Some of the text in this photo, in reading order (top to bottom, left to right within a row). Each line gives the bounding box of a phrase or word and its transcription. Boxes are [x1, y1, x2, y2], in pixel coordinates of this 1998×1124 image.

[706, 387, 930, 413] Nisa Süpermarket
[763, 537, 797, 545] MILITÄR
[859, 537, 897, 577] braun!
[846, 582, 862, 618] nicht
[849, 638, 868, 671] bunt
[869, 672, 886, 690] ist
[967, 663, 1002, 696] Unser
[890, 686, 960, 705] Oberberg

### To do
Your answer should consist of the material above, written out word for word.

### Response below
Some of the text in this photo, in reading order (top to bottom, left to right within a row). Each line gives the bounding box of a phrase or word and its transcription. Boxes are [x1, y1, x2, y2], in pixel coordinates of this 1998×1124 image.

[706, 387, 930, 413] Nisa Süpermarket
[763, 537, 797, 545] MILITÄR
[859, 537, 897, 577] braun!
[846, 582, 862, 618] nicht
[849, 638, 868, 671] bunt
[869, 672, 886, 690] ist
[967, 663, 1002, 696] Unser
[890, 686, 960, 705] Oberberg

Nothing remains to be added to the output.